-- What is expected --
The required answer is an exact copy of the records below, without pictures.

-- Recorded data --
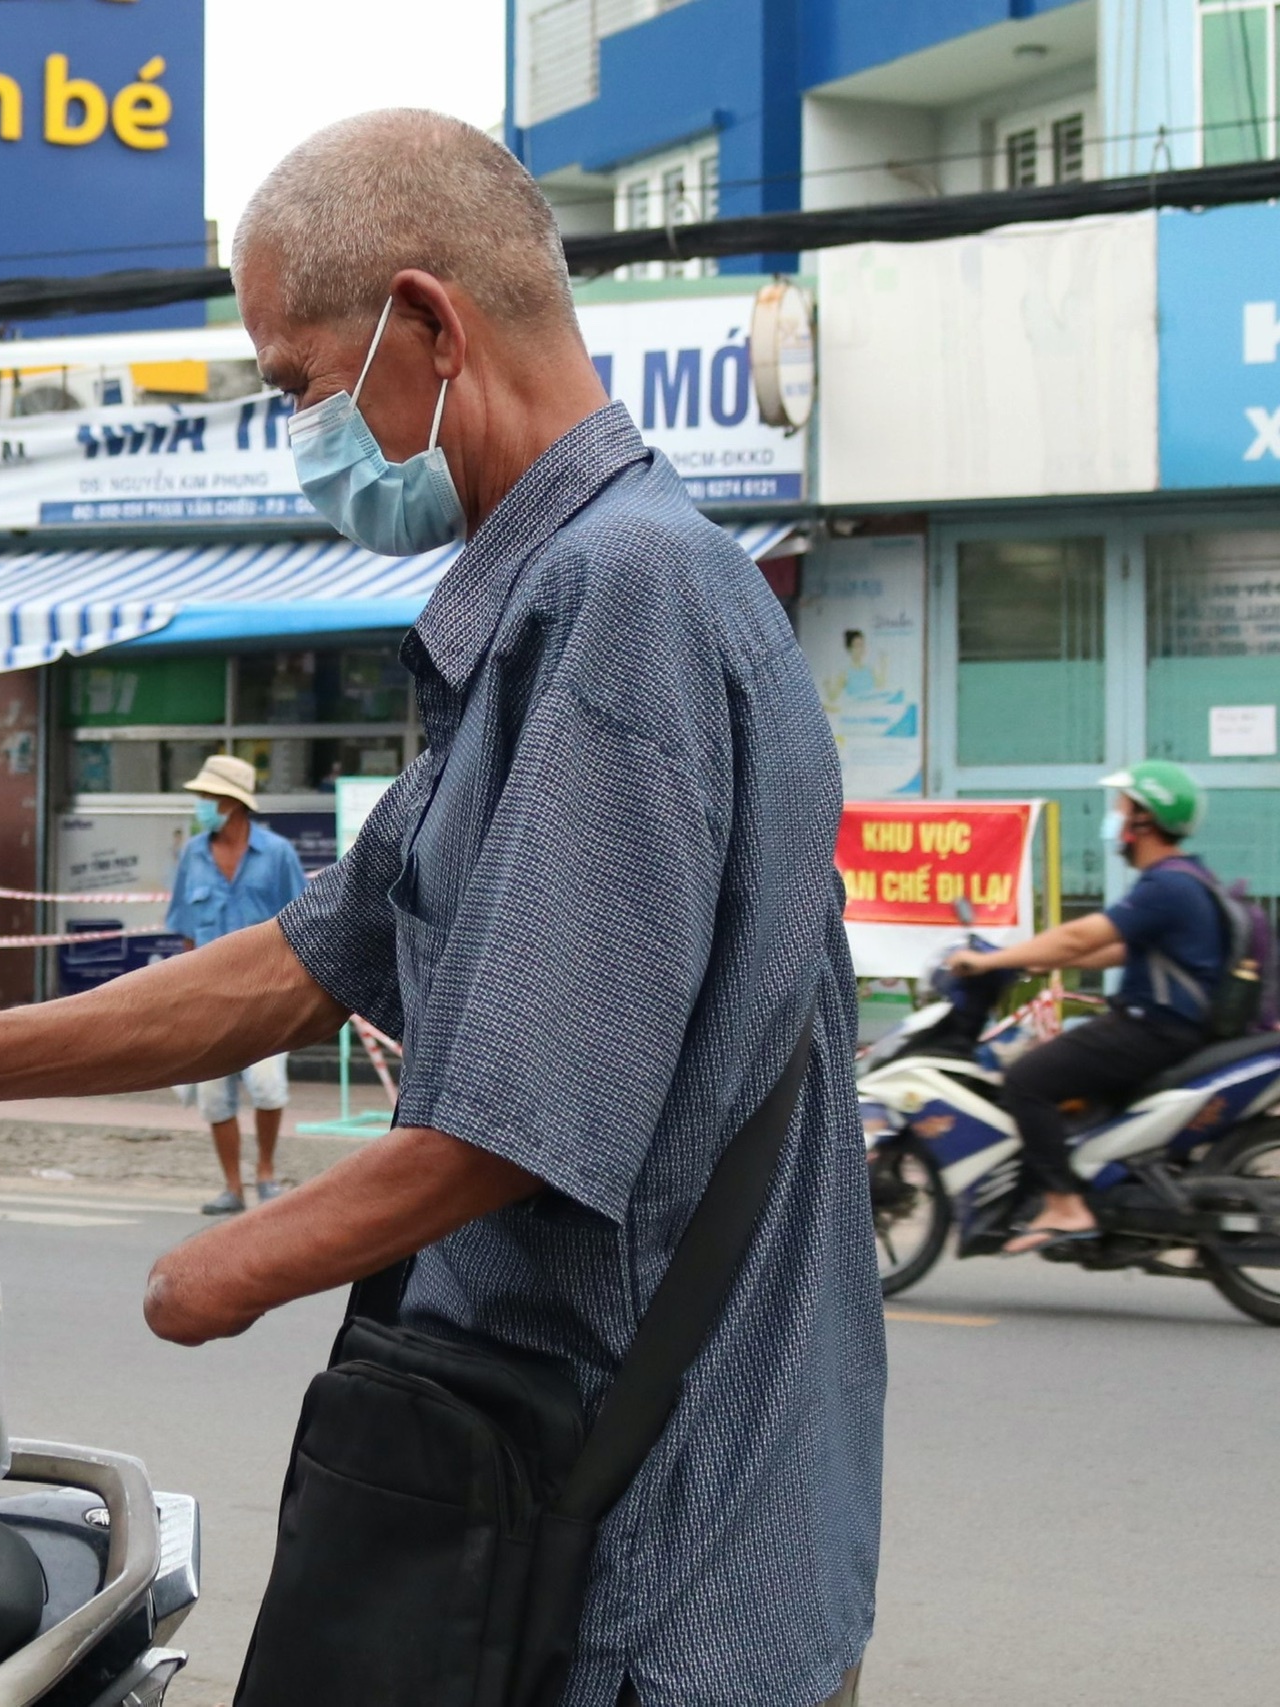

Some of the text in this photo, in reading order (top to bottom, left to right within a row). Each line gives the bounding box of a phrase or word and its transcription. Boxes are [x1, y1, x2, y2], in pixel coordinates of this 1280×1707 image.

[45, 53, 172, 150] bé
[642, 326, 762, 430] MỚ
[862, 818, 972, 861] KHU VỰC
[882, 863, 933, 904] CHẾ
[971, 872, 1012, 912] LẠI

-- Exercise output --
Some of the text in this photo, in reading order (top to bottom, left to right within a row). Each line gives the bounding box of a phrase or word and its transcription. Boxes are [x1, y1, x2, y2], in pixel coordinates of this 1280×1707 image.

[45, 53, 172, 150] bé
[642, 326, 762, 430] MỚ
[862, 818, 972, 861] KHU VỰC
[882, 863, 933, 904] CHẾ
[971, 872, 1012, 912] LẠI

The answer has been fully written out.